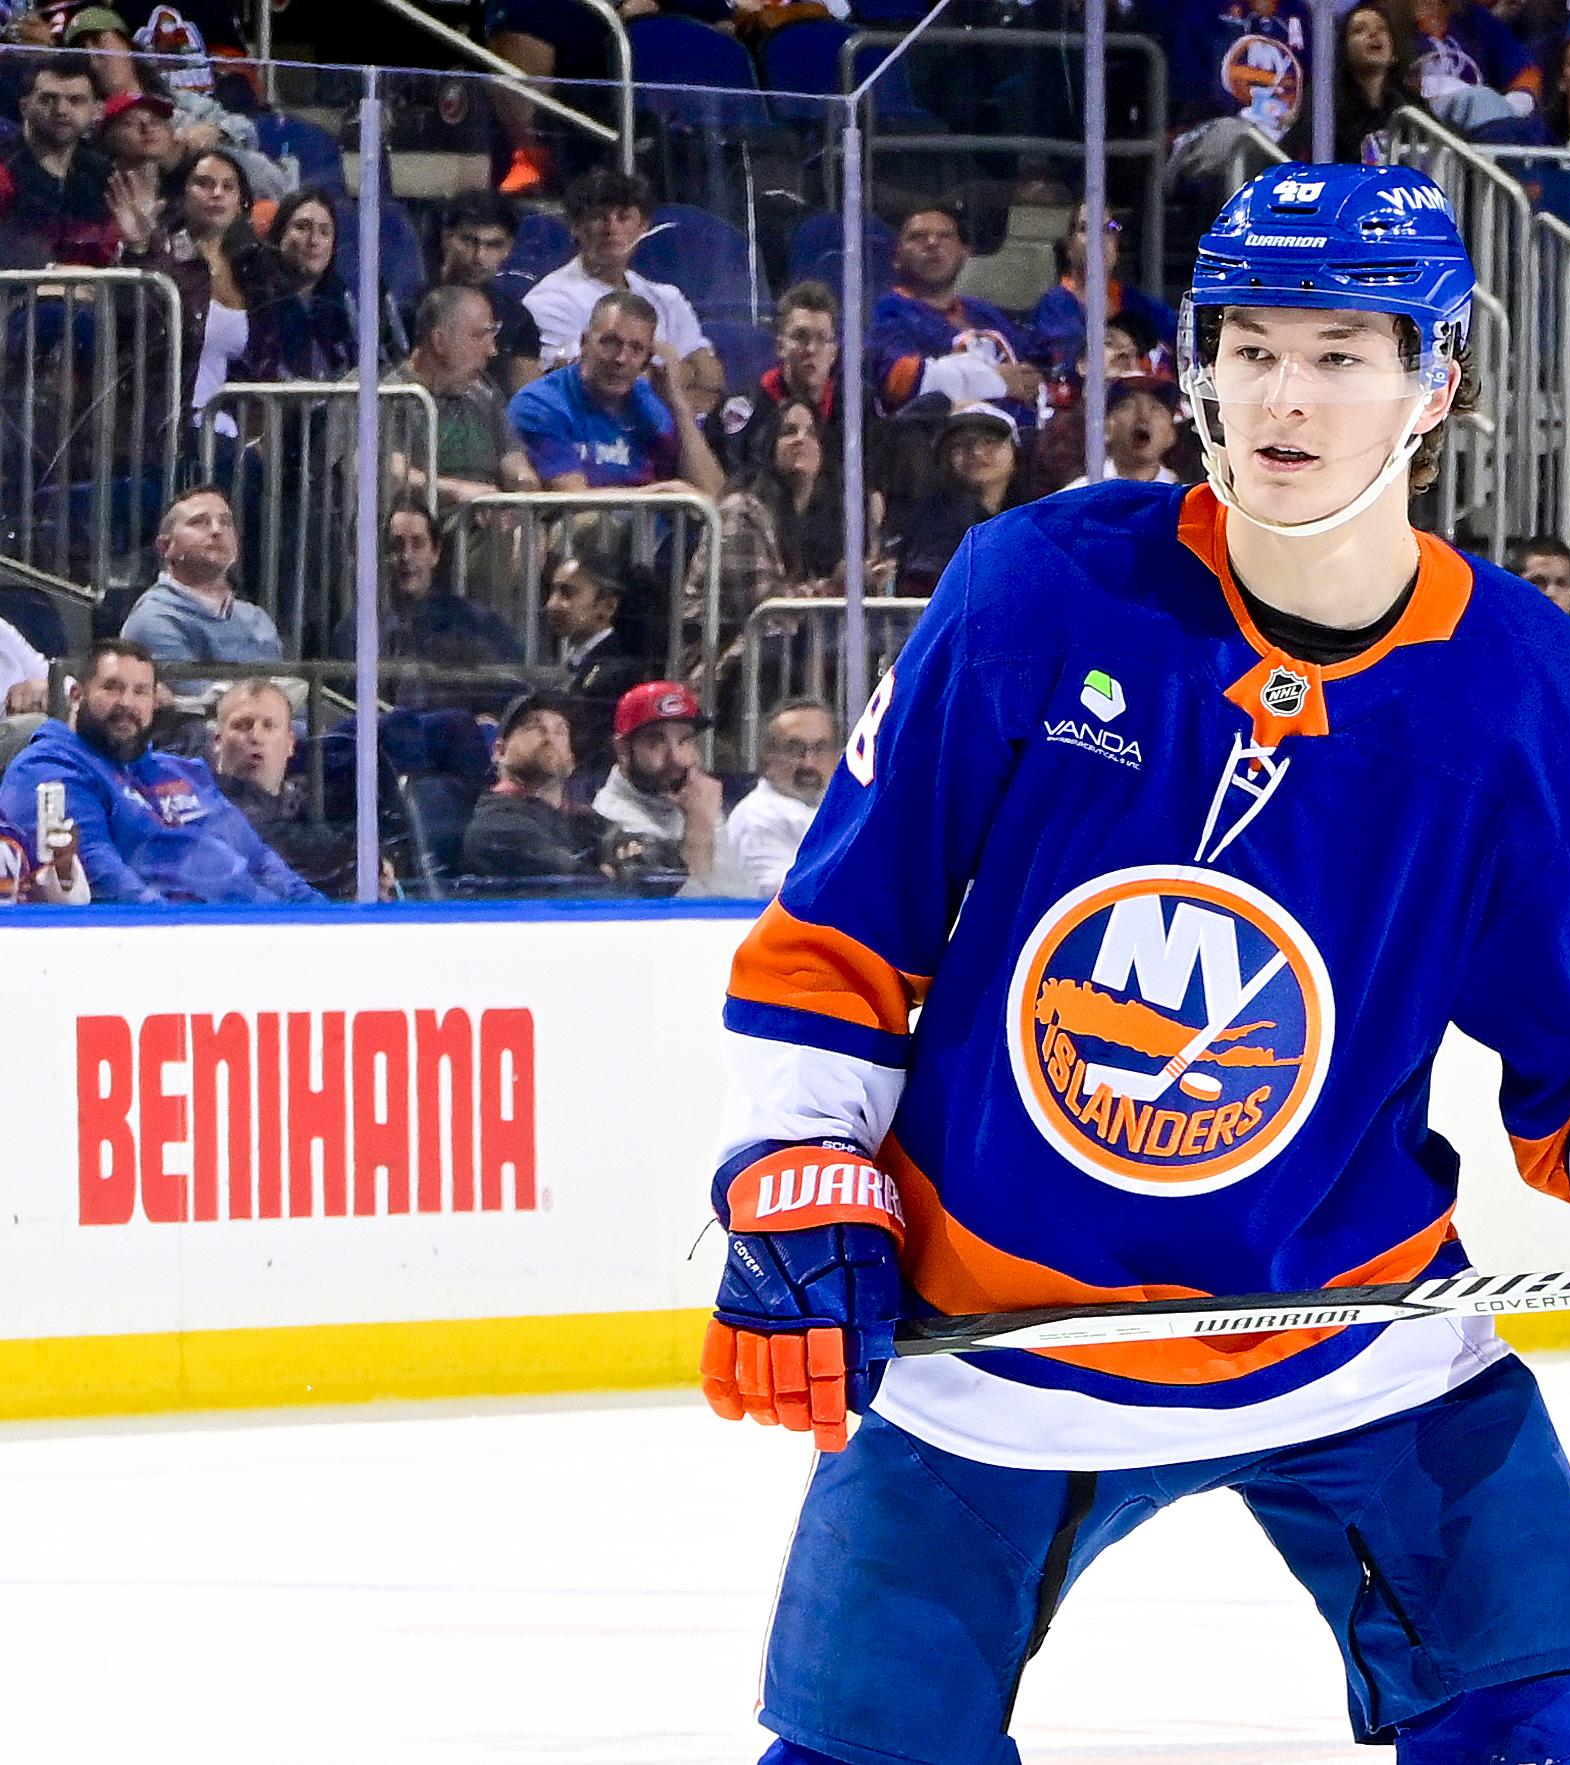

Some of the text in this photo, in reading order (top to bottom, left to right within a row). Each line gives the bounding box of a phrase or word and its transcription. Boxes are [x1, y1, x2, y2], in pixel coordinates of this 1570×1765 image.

[1377, 186, 1446, 210] VIAM
[1245, 235, 1327, 248] WARRIOR
[1268, 685, 1299, 702] NHL
[1044, 720, 1142, 763] VANDA
[1091, 893, 1243, 1028] NY
[1042, 1023, 1273, 1158] ISLANDERS
[76, 1007, 537, 1226] BENIHANA
[732, 1239, 766, 1279] COVERT
[1475, 1295, 1570, 1313] COVERT
[1194, 1309, 1360, 1333] WARRIOR
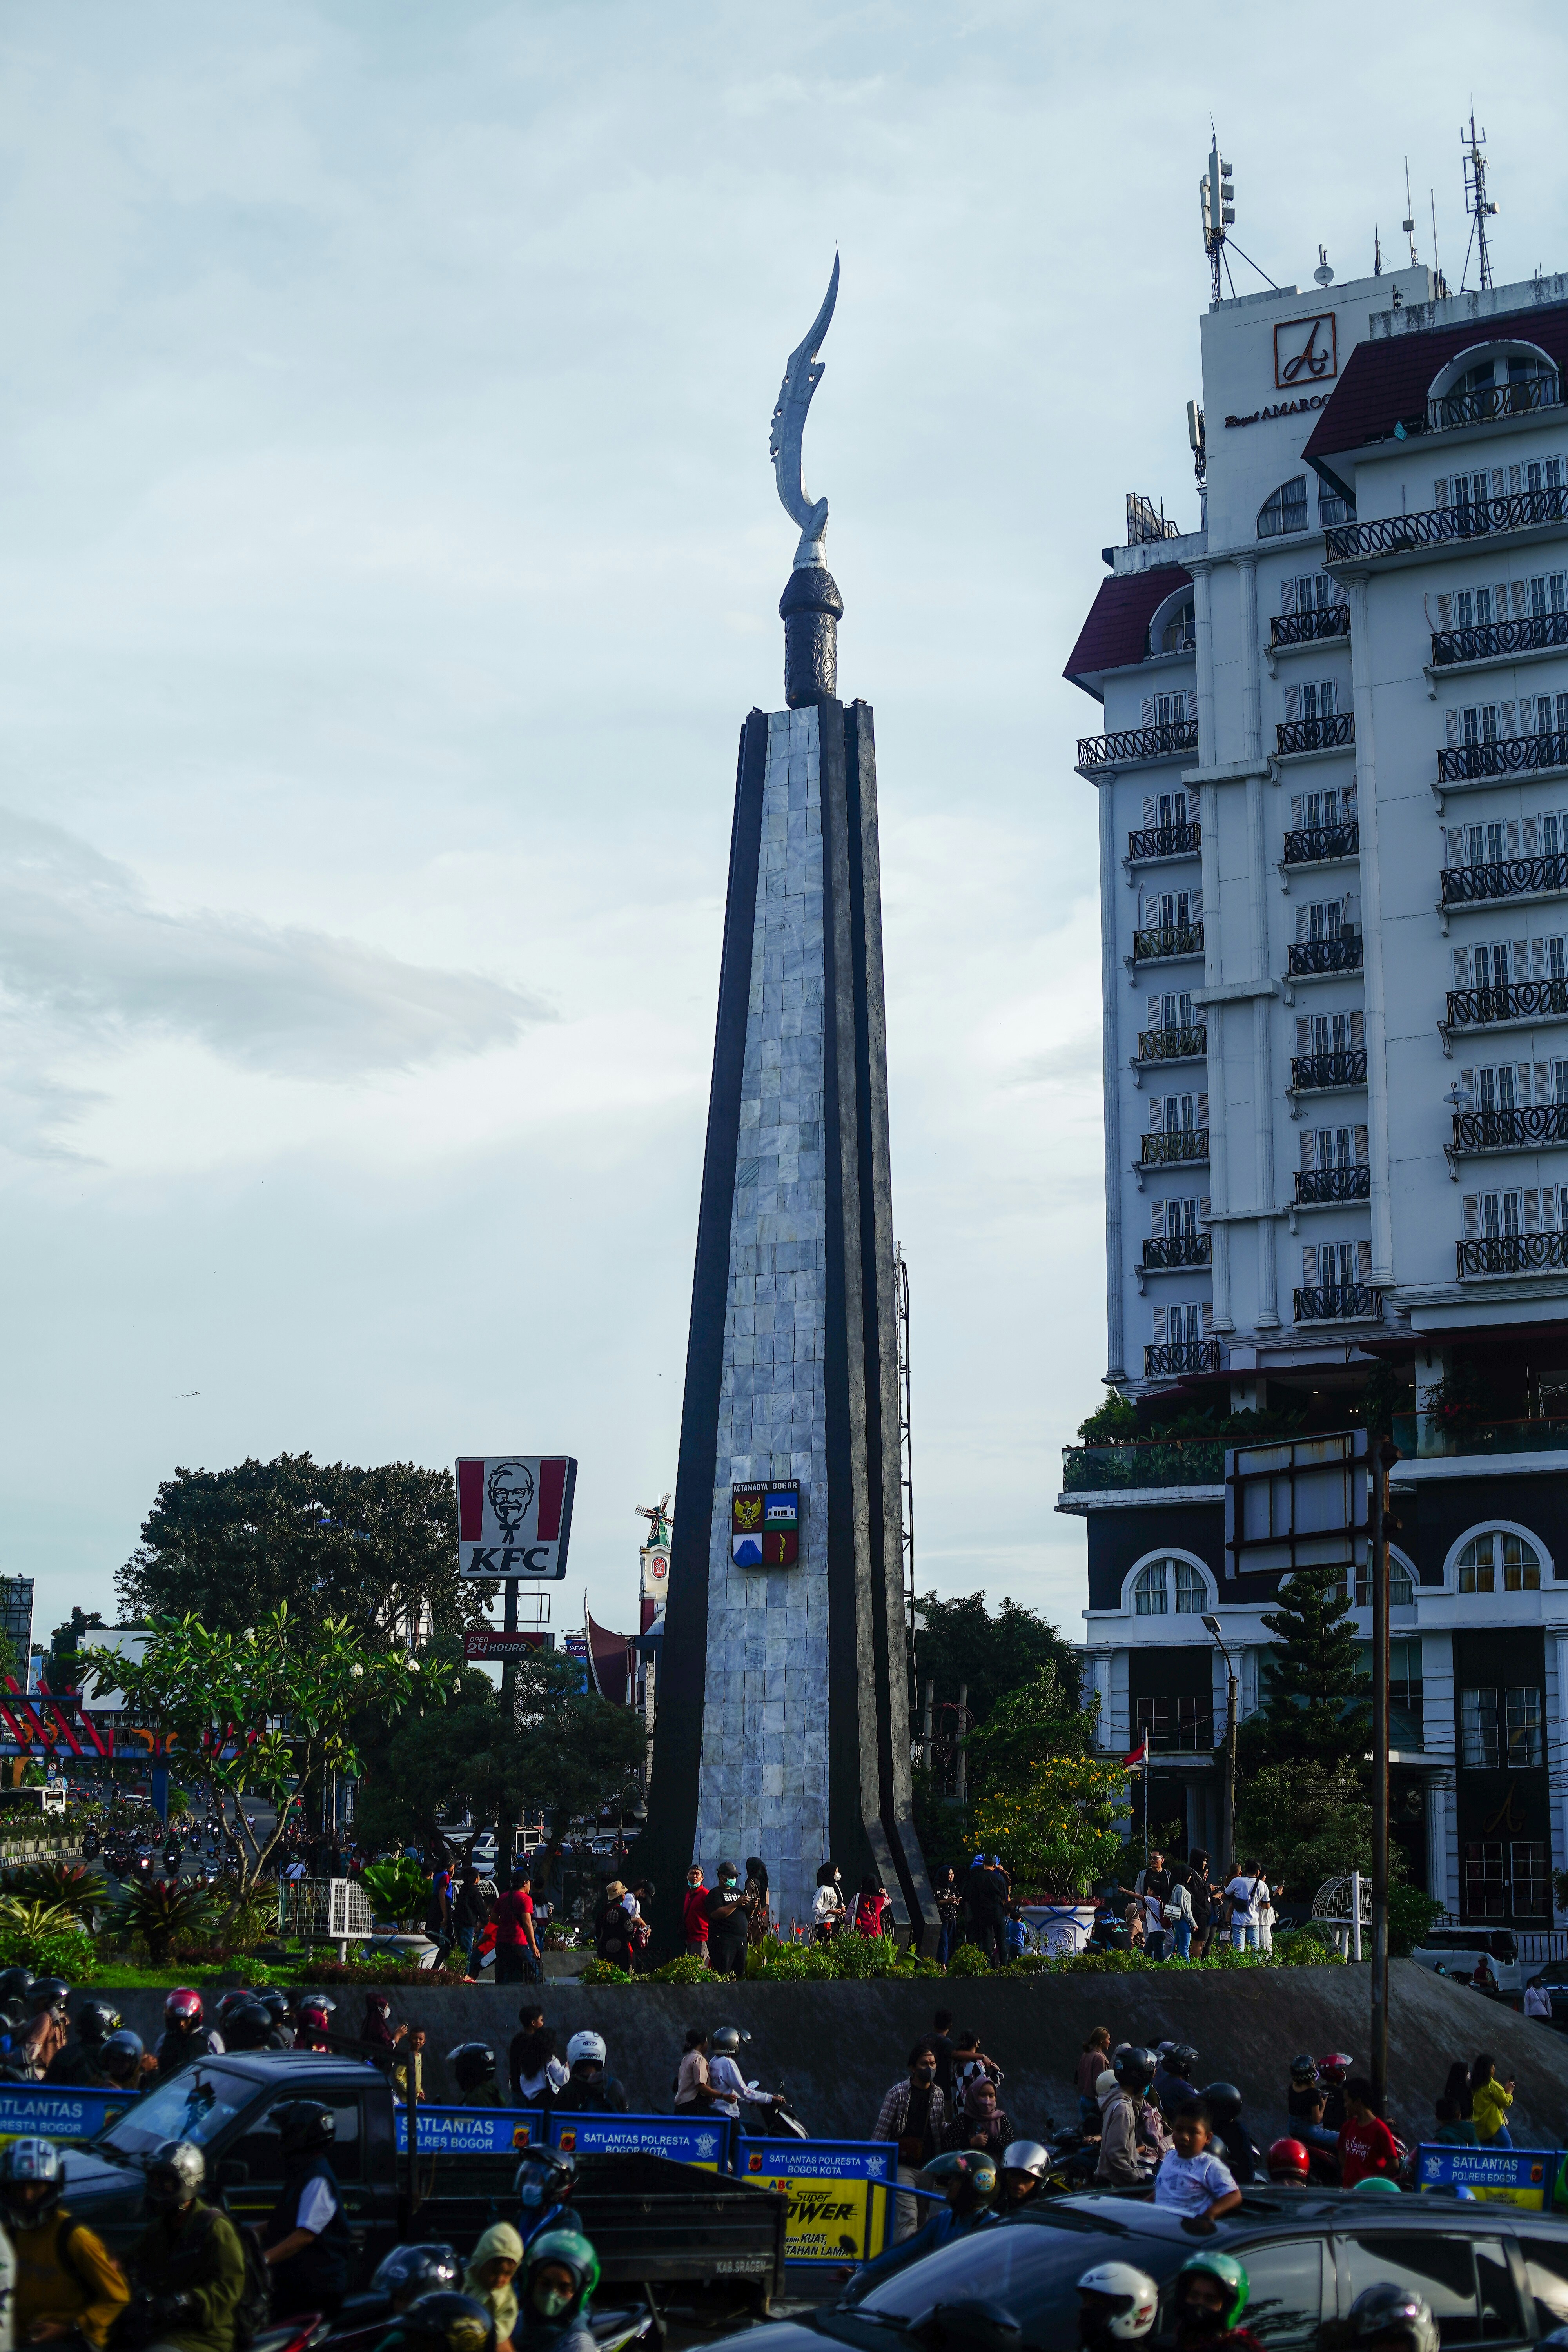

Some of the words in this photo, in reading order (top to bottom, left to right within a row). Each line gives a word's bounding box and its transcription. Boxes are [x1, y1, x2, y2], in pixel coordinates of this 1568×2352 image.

[1283, 320, 1328, 380] A
[1261, 393, 1332, 420] AMAROO
[733, 1483, 768, 1492] KOTAMADYA
[467, 1547, 549, 1572] KFC
[467, 1643, 487, 1654] 24
[489, 1643, 526, 1652] HOURS
[1483, 1778, 1526, 1832] A
[40, 2122, 81, 2133] BOGOR
[401, 2116, 494, 2135] SATLANTAS
[400, 2135, 447, 2148] PLRES
[451, 2138, 493, 2149] BOGOR
[584, 2134, 639, 2144] SATLANTAS
[641, 2135, 690, 2146] POLRESTA
[642, 2147, 667, 2156] KOTA
[769, 2155, 817, 2164] SATLANTAS
[819, 2156, 861, 2166] POLRESTA
[1452, 2156, 1518, 2171] SATLANTAS
[788, 2165, 818, 2174] BOGOR
[820, 2167, 842, 2175] KOTA
[1452, 2172, 1485, 2181] POLRES
[1488, 2174, 1517, 2183] BOGOR
[768, 2180, 794, 2190] ABC
[797, 2191, 832, 2203] Super
[787, 2202, 859, 2225] OWER
[800, 2233, 827, 2246] KUAT,
[786, 2245, 818, 2256] TAHAN
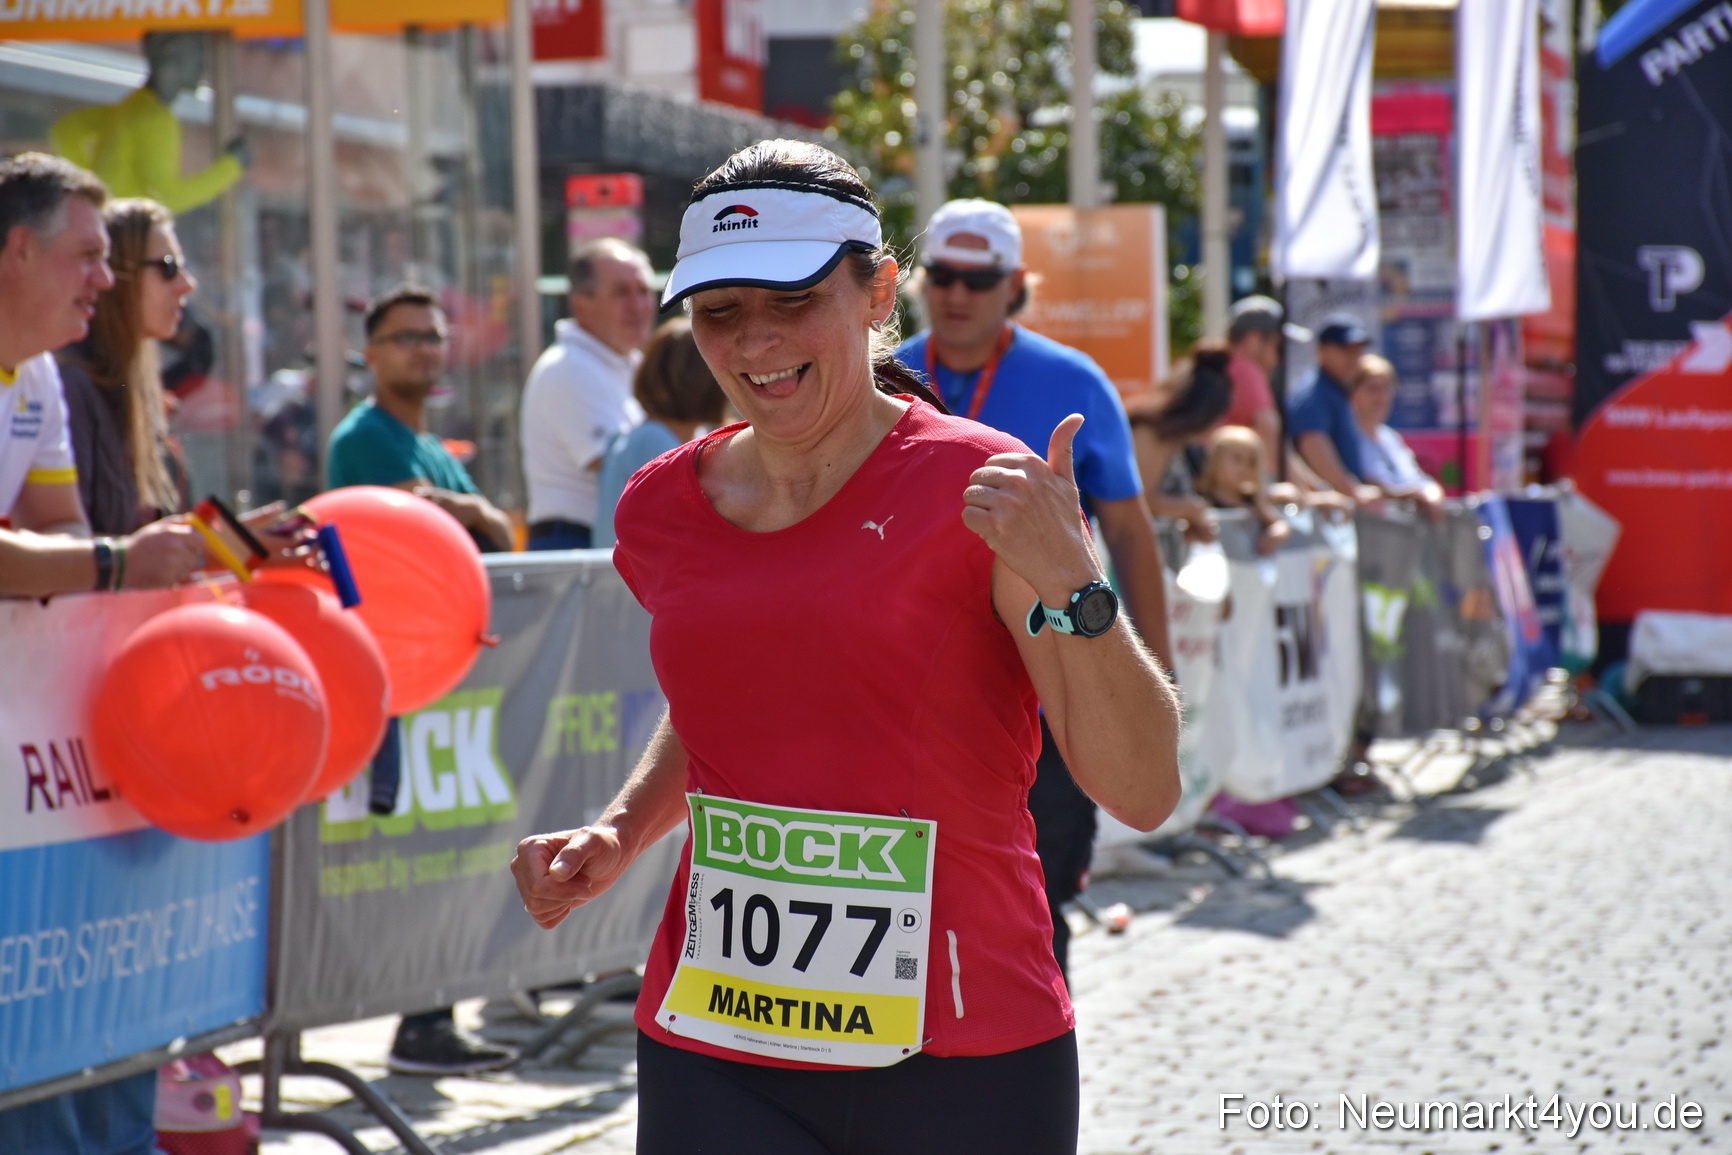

**Task brief:** Beginning with the line where "Some of the words" appears, restate word for word every line down to the last one in the data, but keep the pictures out.

**Task result:**
Some of the words in this photo, in reading order (top to bottom, left to right within a row). Each line gives a word's bounding box and its transcription. Boxes are [x1, y1, x2, y2], in pixel coordinates of this 1568×2352 image.

[1283, 320, 1328, 380] A
[1261, 393, 1332, 420] AMAROO
[733, 1483, 768, 1492] KOTAMADYA
[467, 1547, 549, 1572] KFC
[467, 1643, 487, 1654] 24
[489, 1643, 526, 1652] HOURS
[1483, 1778, 1526, 1832] A
[40, 2122, 81, 2133] BOGOR
[401, 2116, 494, 2135] SATLANTAS
[400, 2135, 447, 2148] PLRES
[451, 2138, 493, 2149] BOGOR
[584, 2134, 639, 2144] SATLANTAS
[641, 2135, 690, 2146] POLRESTA
[642, 2147, 667, 2156] KOTA
[769, 2155, 817, 2164] SATLANTAS
[819, 2156, 861, 2166] POLRESTA
[1452, 2156, 1518, 2171] SATLANTAS
[788, 2165, 818, 2174] BOGOR
[820, 2167, 842, 2175] KOTA
[1452, 2172, 1485, 2181] POLRES
[1488, 2174, 1517, 2183] BOGOR
[768, 2180, 794, 2190] ABC
[797, 2191, 832, 2203] Super
[787, 2202, 859, 2225] OWER
[800, 2233, 827, 2246] KUAT,
[786, 2245, 818, 2256] TAHAN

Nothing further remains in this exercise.